Галина Сергеевна вертела в руках глянцевую коробку.
Третий, «родительский», блок радионяни.
Она отдала два — детский блок-микрофон и один родительский. А этот, второй родительский, оставила у себя.
Просто так.
Сын с невесткой даже не заметили, что устройств в коробке было три.
Андрей и Вероника жили в доме напротив. Их окна в окна. Удобно и… тревожно.
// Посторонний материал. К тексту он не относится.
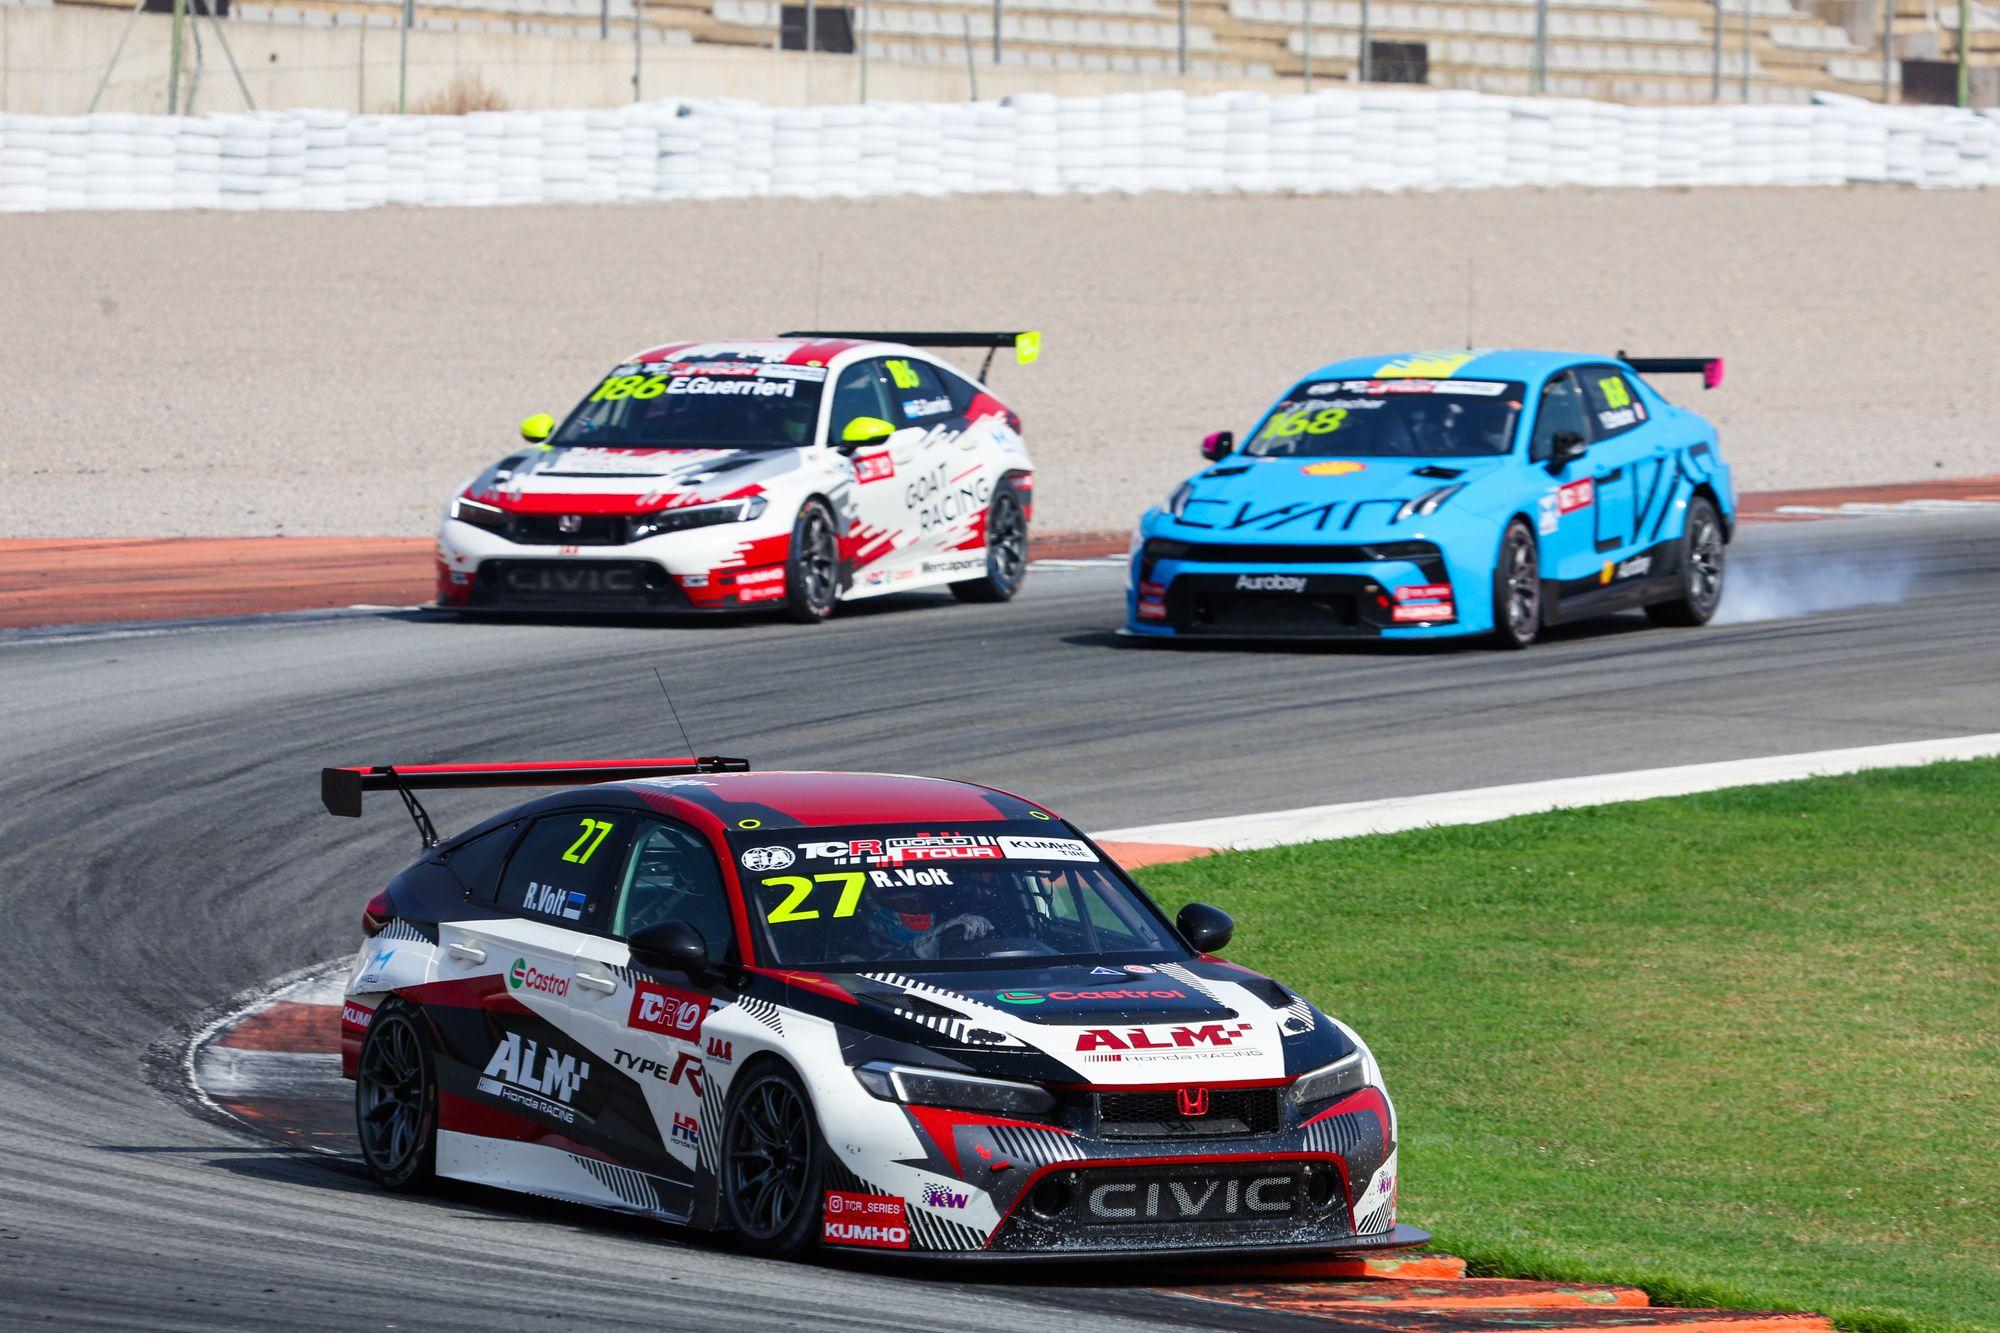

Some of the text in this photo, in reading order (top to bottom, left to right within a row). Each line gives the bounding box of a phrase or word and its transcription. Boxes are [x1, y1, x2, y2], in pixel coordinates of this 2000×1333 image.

[589, 374, 670, 402] 186
[1260, 406, 1349, 440] 168
[905, 462, 947, 509] GOAT
[919, 477, 991, 533] RACING
[562, 818, 613, 865] 27
[798, 840, 883, 859] TCR
[893, 838, 975, 848] WORLD
[926, 847, 994, 859] TOUR
[1010, 840, 1082, 854] KUMHO
[1061, 848, 1089, 859] TIRE
[868, 868, 956, 889] R.Volt
[522, 881, 567, 918] R.Volt
[761, 872, 867, 924] 27
[525, 968, 570, 997] Castrol
[1048, 990, 1187, 1001] Castrol
[1075, 1024, 1236, 1051] ALM
[482, 1031, 583, 1104] ALM
[1124, 1050, 1263, 1062] Honda RACING
[614, 1048, 704, 1098] TYPE R
[502, 1088, 574, 1124] Honda RACING
[845, 1199, 901, 1215] TCR_SERIES
[929, 1190, 969, 1209] KW
[1089, 1176, 1292, 1218] CIVIC
[825, 1222, 907, 1243] KUMHO
Галина вздохнула. Подарок был… намеком. Громким, отчаянным намеком на внуков, которых все не было.
Андрей тогда, принимая коробку, посмеялся. Сказал, что они пока поставят детский блок на кухне, «проверить, как ловит».
Растяпы. Наверное, так и оставили его включенным.
Она поставила свой, «лишний», блок на подоконник, воткнула вилку в сеть.
Просто проверить, работает ли.
Привычное шипение заполнило ее кухню. Галина покрутила колесико настройки.
Внезапно шипение пропало.
Четкий, как удар, голос Вероники вырвался из динамика. Такой близкий, будто она стояла рядом.
«Матери скоро не станет, потерпи».
Пауза.
А потом тихий, вкрадчий смех.
Галина Сергеевна застыла. Рука так и осталась на колесике.
Кому она это говорит? Ночью?
Ответ был один. Очевидный, как ее собственное отражение в темном стекле.
Андрею. Ее сыну.
«Потерпи».
Воздух перестал поступать в легкие.
Она ждала, что сын ответит. Что он крикнет на нее, назовет сумасшедшей. Хоть что-нибудь.
Но в динамике было пусто. Только этот смех, который все еще висел в воздухе.
Вероника. Ее милая, улыбчивая Вероника.
«Матери… не станет».
Это о ней. О Галине.
Она медленно опустилась на табурет. Дом напротив, такой родной, вдруг стал логовом.
И ее сын… ее Андрюша… он там. Он слушает это. И он молчит.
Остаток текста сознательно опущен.